Module 7: Advanced Metadata Use Cases in AI and Analytics
- Track feature lineage from raw data to model input, including transformation logic and drift metrics.
- Store model metadata (e.g., training dataset, hyperparameters, evaluation scores) in the repository.
- Link data quality metrics to specific model performance degradation events for root cause analysis.
- Implement metadata tagging for bias indicators and fairness assessments in training data.
- Enable model versioning traceability through metadata associations with code repositories and datasets.
- Support MLOps workflows by exposing metadata to model monitoring and retraining triggers.
- Integrate metadata repository with feature store platforms to maintain consistent feature definitions.
- Expose metadata on data drift and concept drift to data science teams via dashboard integrations.
Module 8: Performance Optimization and Operational Maintenance
- Monitor ingestion job performance and tune batch sizes to minimize source system load.
- Implement metadata caching strategies for high-frequency query endpoints.
- Optimize full-text search relevance by tuning analyzers and boosting critical metadata fields.
- Scale metadata storage independently based on growth projections for technical and business metadata.
- Develop alerting for ingestion failures, latency spikes, and storage threshold breaches.
- Plan for schema evolution in the repository itself, including backward compatibility during upgrades.
- Conduct定期 load testing on search and lineage query endpoints under realistic workloads.
- Document operational runbooks for common failure scenarios and recovery procedures.

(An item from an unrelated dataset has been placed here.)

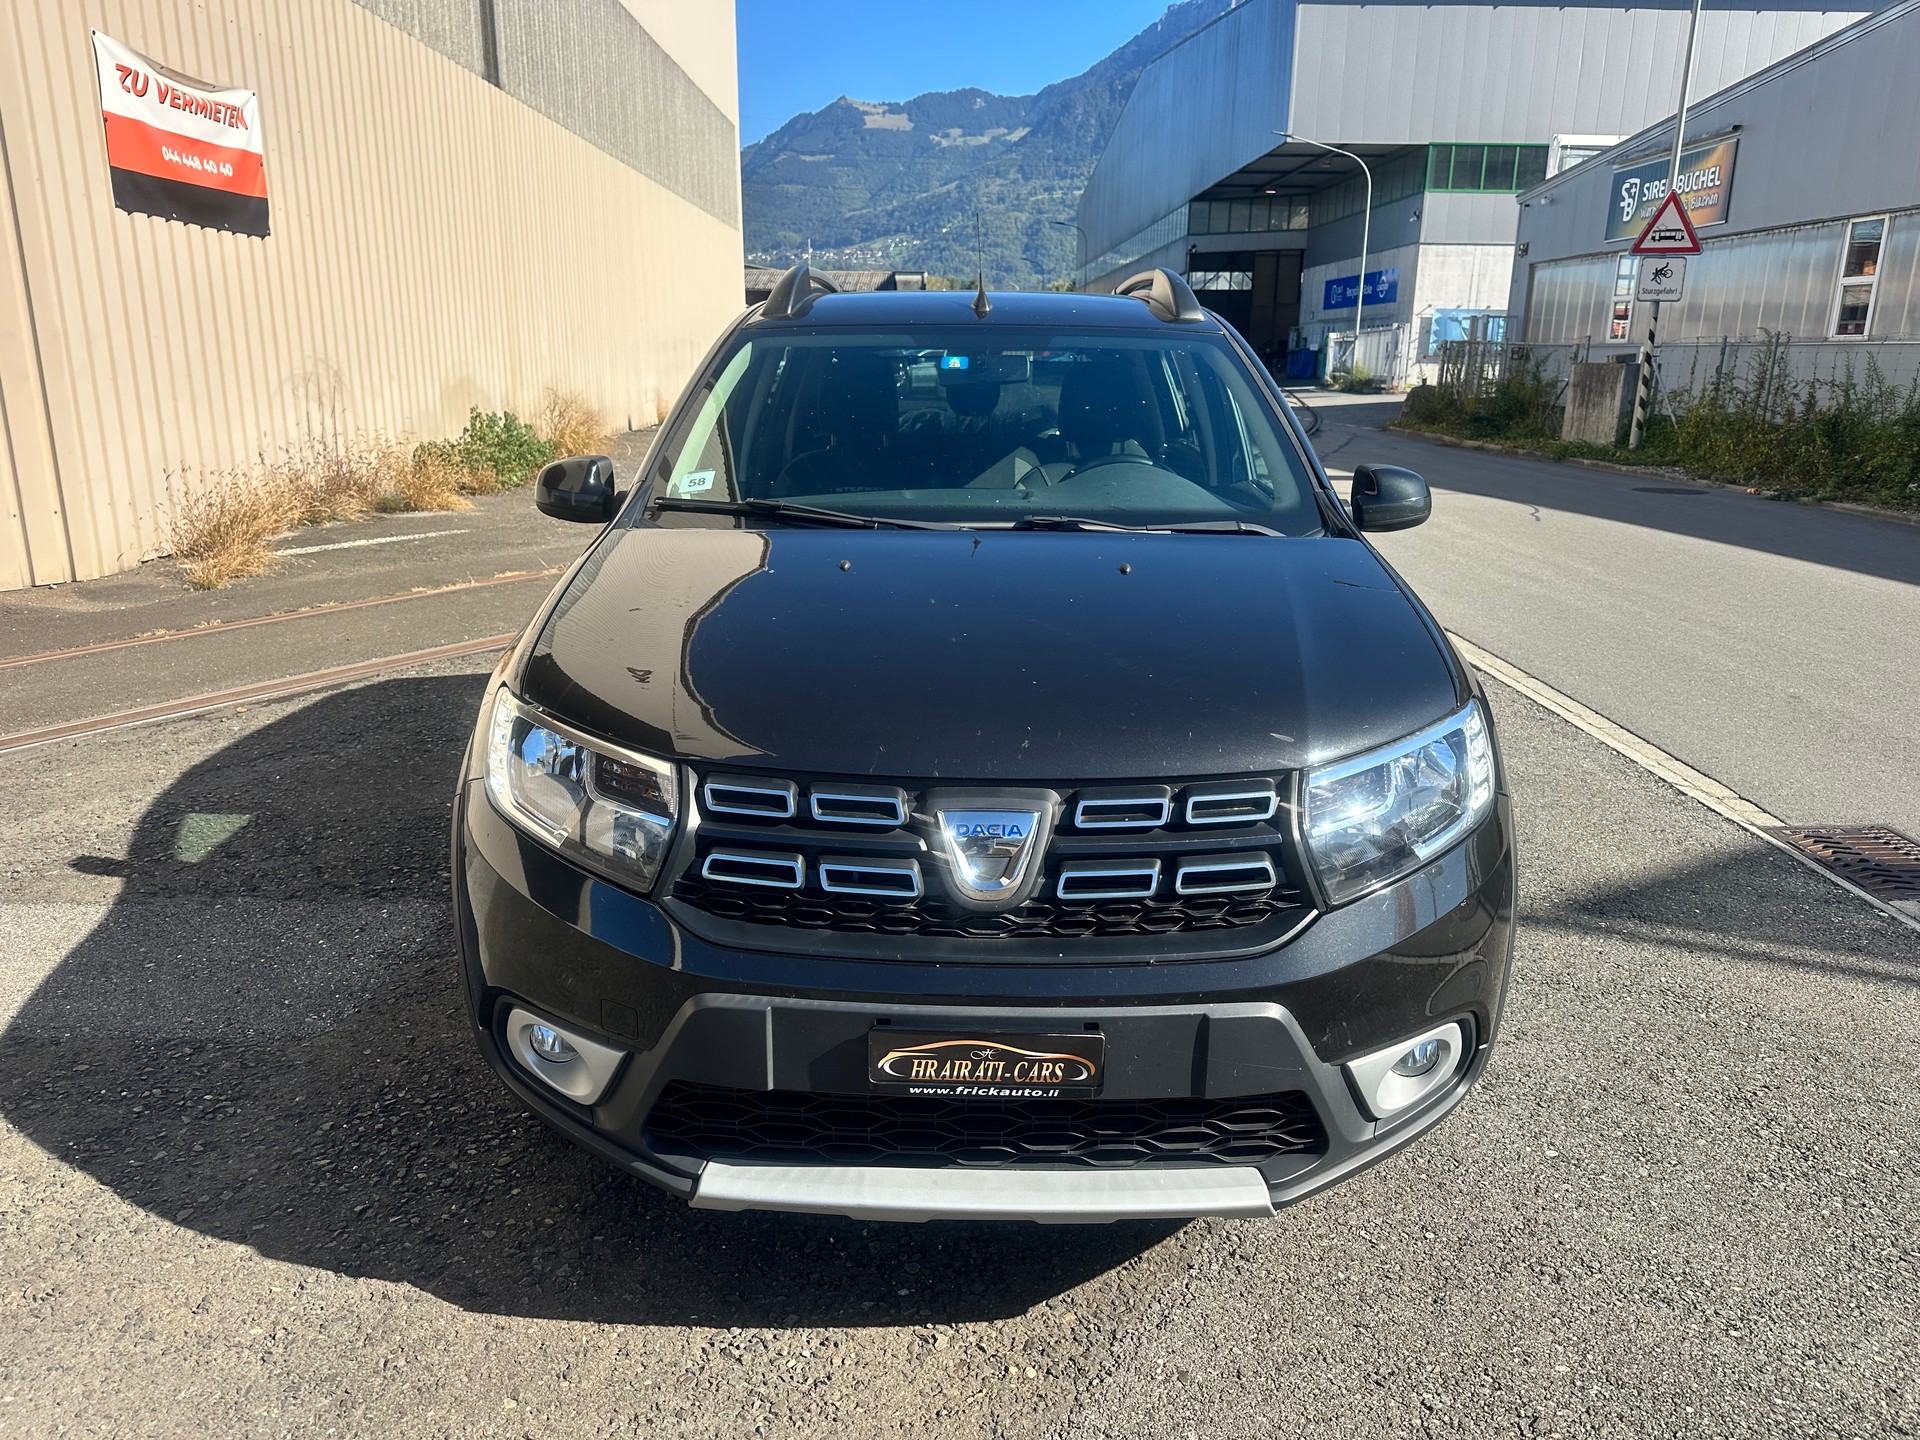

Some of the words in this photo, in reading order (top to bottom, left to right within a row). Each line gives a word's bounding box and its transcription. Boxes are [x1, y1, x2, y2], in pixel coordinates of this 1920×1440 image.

Module 9: Change Management and Continuous Improvement
- Measure metadata repository adoption using metrics such as active users, search volume, and contribution rates.

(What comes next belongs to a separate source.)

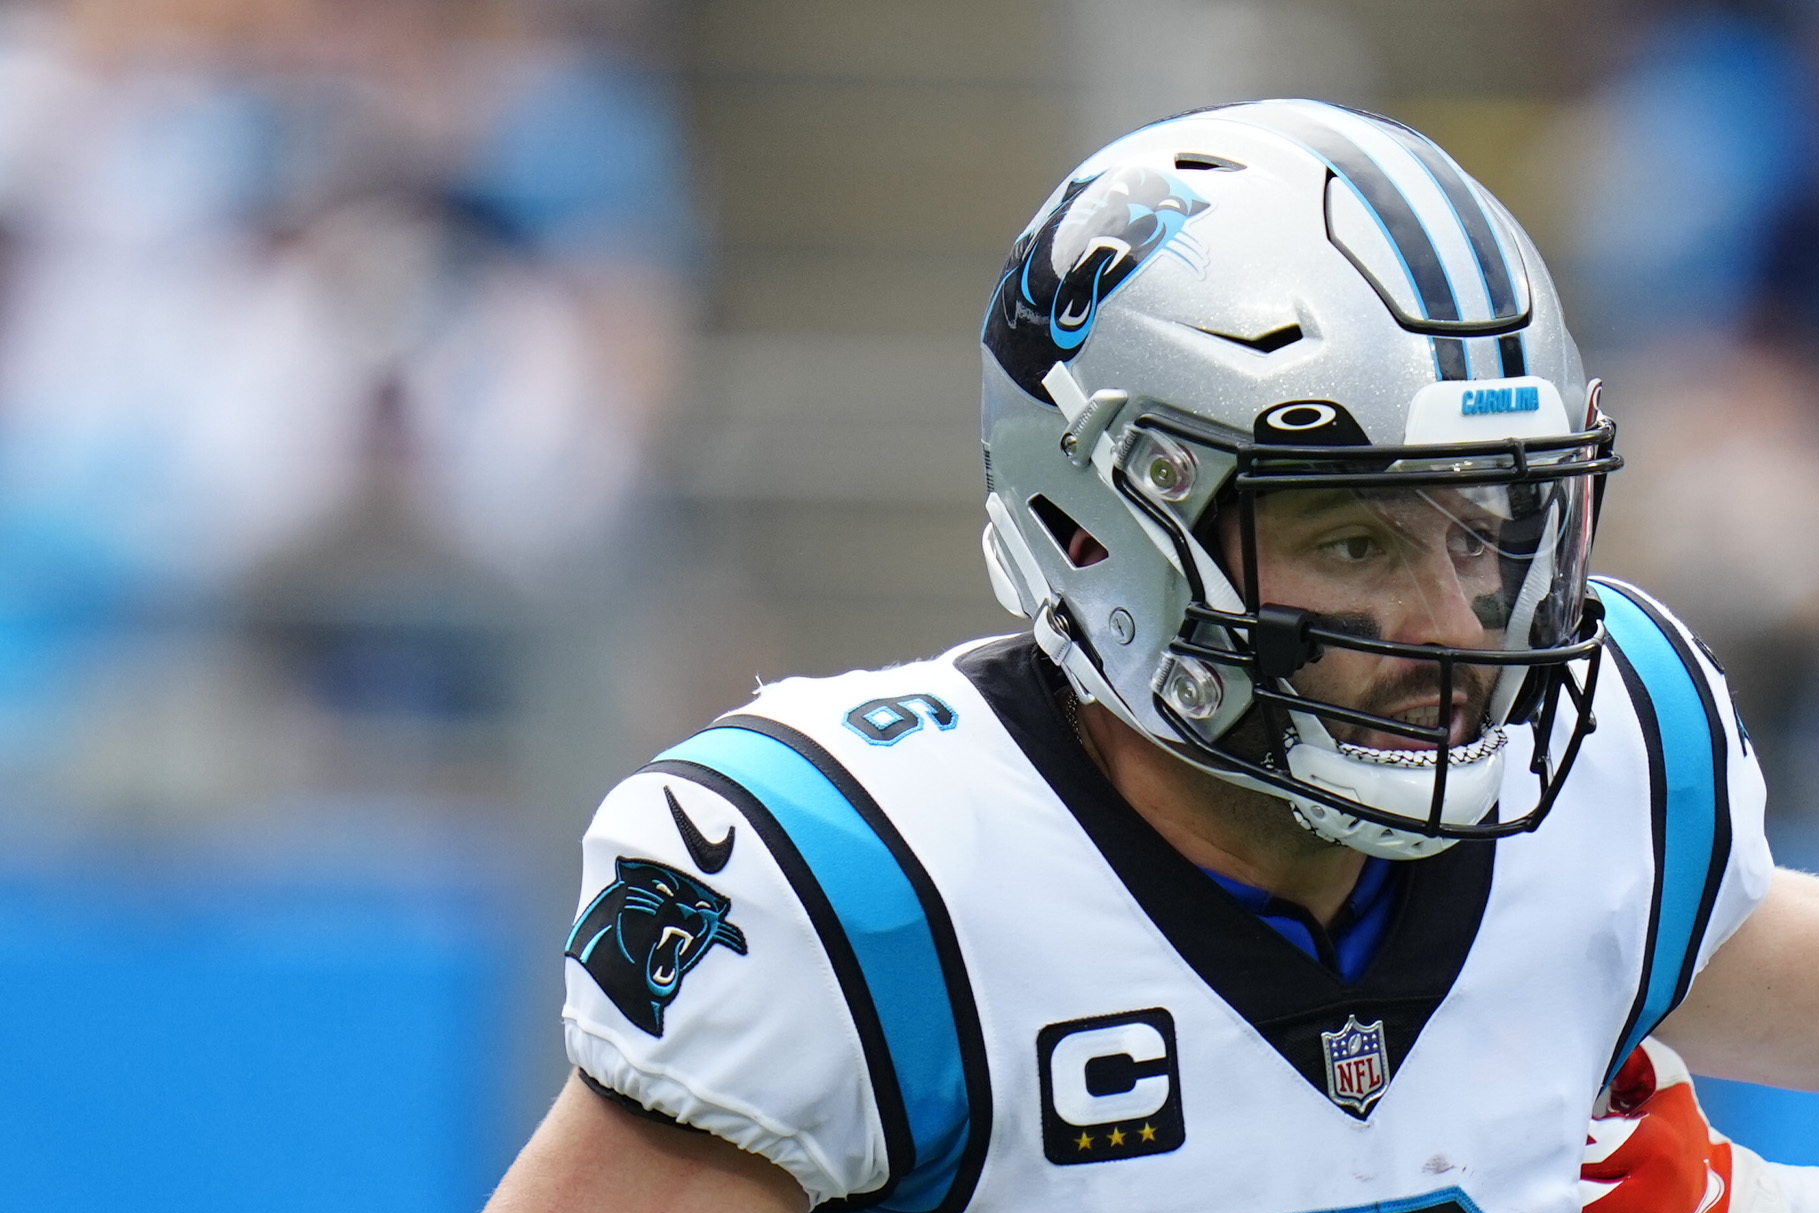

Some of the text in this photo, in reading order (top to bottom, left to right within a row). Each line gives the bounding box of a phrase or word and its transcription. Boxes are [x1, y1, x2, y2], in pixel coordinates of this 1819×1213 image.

[1462, 386, 1539, 415] CAROLINA
[841, 693, 959, 747] 6
[1050, 1022, 1170, 1127] C
[1336, 1057, 1381, 1095] NFL

- Establish feedback channels from data consumers to prioritize new features and fixes.
- Conduct quarterly business reviews with data governance council to assess ROI and alignment.
- Iterate on metadata models based on evolving analytics and regulatory requirements.
- Update training materials and onboarding workflows in response to observed user errors.
- Integrate user behavior analytics to identify underutilized or confusing repository features.
- Manage deprecation of legacy metadata systems with data migration and redirect strategies.
- Align metadata roadmap with enterprise data strategy and technology refresh cycles.